Le théâtre de Napoléon III au château de Fontainebleau, près de Paris, bijou précieux et symbole du raffinement bourgeois du Second Empire, rouvre à l’identique après 140 ans d’oubli et 12 ans de travaux, grâce à un chèque de 10 millions d’euros d’Abou Dhabi.
Soieries capitonnées, moquettes fleuries, ornements peints ou en carton-pierre doré, lustres et lampes, lourds drapés bleutés des rideaux de scène: tout dans ce théâtre et jusque dans les boudoirs, escaliers, vestibules qui l’entourent, donne l’impression d’un écrin préservé pour une époque douillette, luxueuse. Au moins pour l’aristocratie de cour…
Le 27 avril 2007, un projet de restauration étonnant voyait le jour. Cheikh Khalifa ben Zayed Al-Nahyane, président des Emirats arabes unis, émerveillé par le spectacle de ce théâtre à l’abandon, signait un chèque devant le ministre de la Culture d’alors Renaud Donnedieu de Vabres.
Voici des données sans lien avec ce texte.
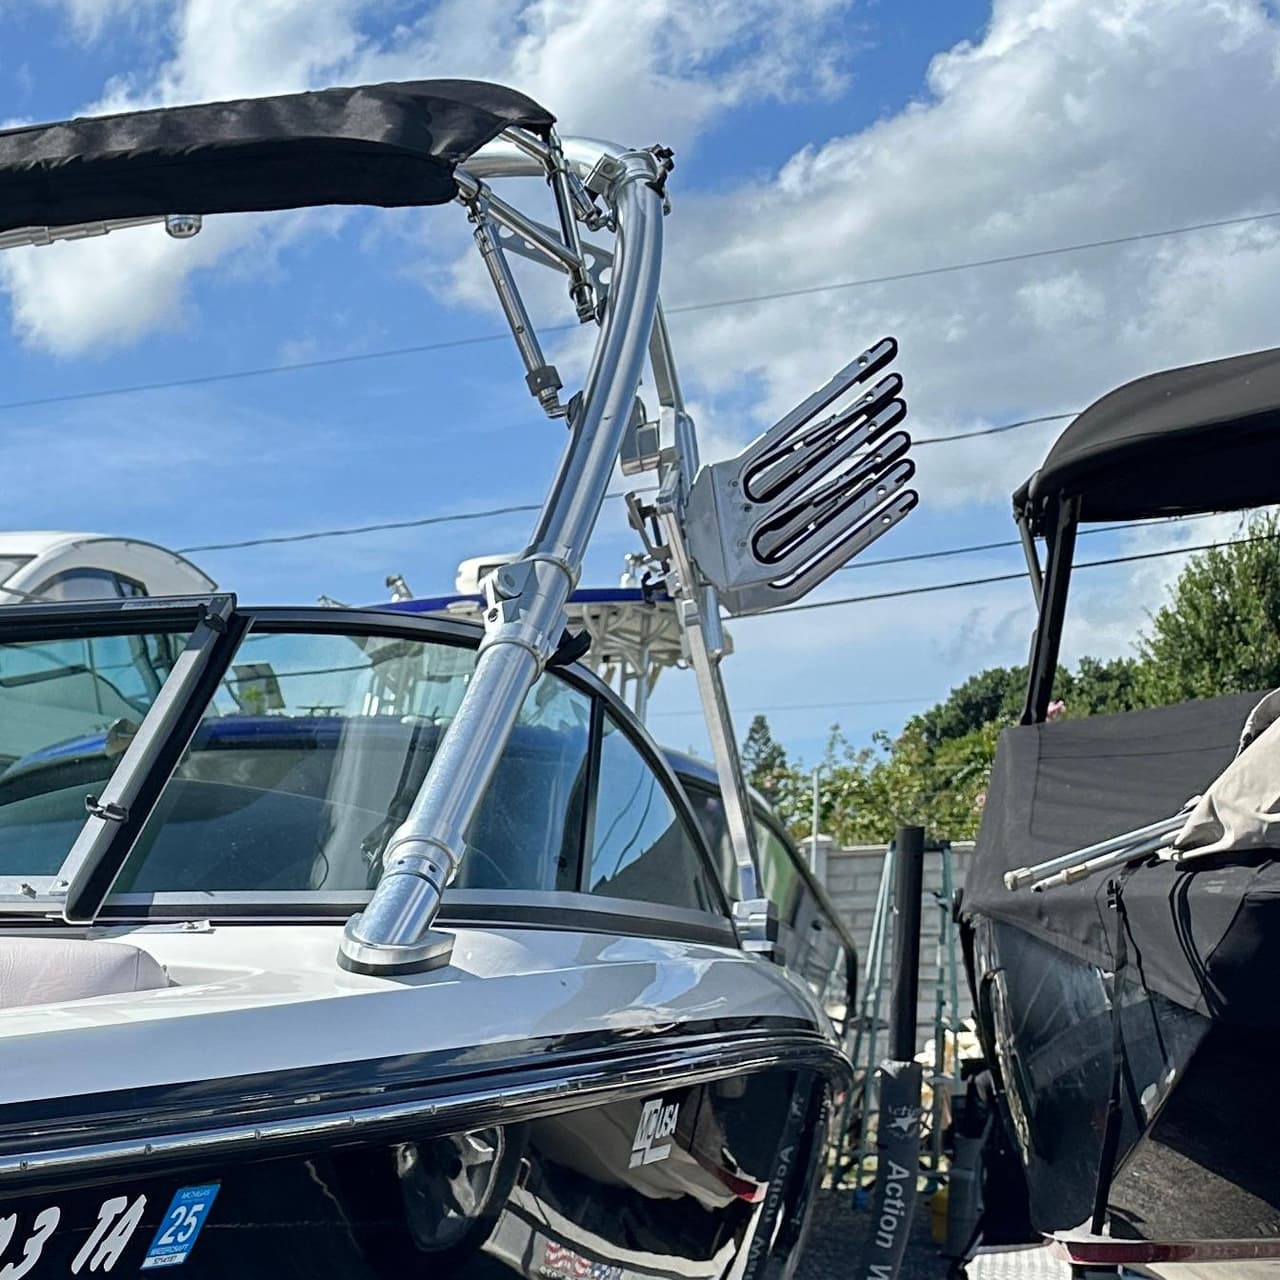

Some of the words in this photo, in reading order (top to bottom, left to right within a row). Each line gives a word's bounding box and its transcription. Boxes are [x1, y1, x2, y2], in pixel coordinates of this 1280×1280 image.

Le théâtre de Napoléon III était rebaptisé dans la foulée à son nom.
Douze ans plus tard, le ministre de la Culture Franck Riester et le président du château de Fontainebleau, Jean-François Hébert viennent rouvrir le théâtre situé dans l’aile Louis XV, en présence du chef de la diplomatie des Emirats, Abdallah ben Zayed Al-Nahyane.
Le cheikh est venu voir si le mécénat d’Abou Dhabi a bien restauré ce « bijou » et constater que tout y fonctionne dans les moindres détails. Une certain tension était palpable dans les derniers préparatifs à la veille du passage du grand mécène arabe.
« Tombé dans l’oubli, ce théâtre était dans un état presque parfait » quand il fut redécouvert, rappelle Jean-François Hébert. C’est d’abord que, sitôt construit, il n’avait été pratiquement pas utilisé –il aurait fonctionné une dizaine de fois entre 1857 et 1868 pour des spectacles devant quelque 400 courtisans.
Caprice impérial
A l’origine, c’était un pur « caprice impérial », a résumé le commissaire Vincent Cochet. Caprice si l’on considère le niveau de luxe dans les moindres revêtements, meubles, lustres et objets, et notamment l’emploi de la soie qui donne un effet de bonbonnière.
Sur la volonté de l’impératrice Eugénie, ce théâtre avait été créé de toutes pièces avec rapidité, au prix d’un travail jour et nuit. L’architecte était alors Hector Lefuel. Puis, l’Empire renversé, l’existence même de ce théâtre n’était plus évoquée. Il demeura portes fermées pendant plusieurs décennies.
Il ne s’est pas agi « de redonner à ce théâtre sa vocation première », étant donné « sa structure très fragile » de théâtre de cour, explique Jean-François Hébert.
« Ne dilapidons pas ce bijou, et montrons ce lieu extraordinaire du point de vue des arts déco. Quand on est à l’intérieur, on ne doit absolument pas voir qu’on est au XXIe siècle; on doit voir ce que les yeux de Napoléon III et Eugénie ont vu », dit-il.
La vocation du théâtre impérial est donc d’abord muséographique, même si de courts spectacles ou récitals peuvent y être donnés à titre exceptionnel, avec des mesures de sécurité, notamment antifeu, très strictes.
Patrick Ponsot, architecte en chef des monuments historiques, souligne que les murs, les sols, les voûtes étaient pleins de mérule (due à l’humidité intense sur le site du château), d’amiante et de plomb, qu’il y avait des fissures un peu partout. Tout cela a été corrigé.
Écran, câbles, ascenseur: toutes choses qui auraient été nécessaires si l’on avait voulu faire une salle de spectacle d’aujourd’hui, ont été bannis.
La restauration s’est efforcée de « déposer le moins possible de matériaux anciens », a expliqué le commissaire. 80% des matériaux d’origine ont été ainsi délicatement conservés. Les tapis et tentures abîmées ont été restaurées à l’identique.
Les décors de scène ont été préservés le plus possible et le lustre central en bronze ciselé et garniture de cristal (3 m de haut, 2,50 de diamètre) qui s’était écroulé, a été restauré dans sa superbe.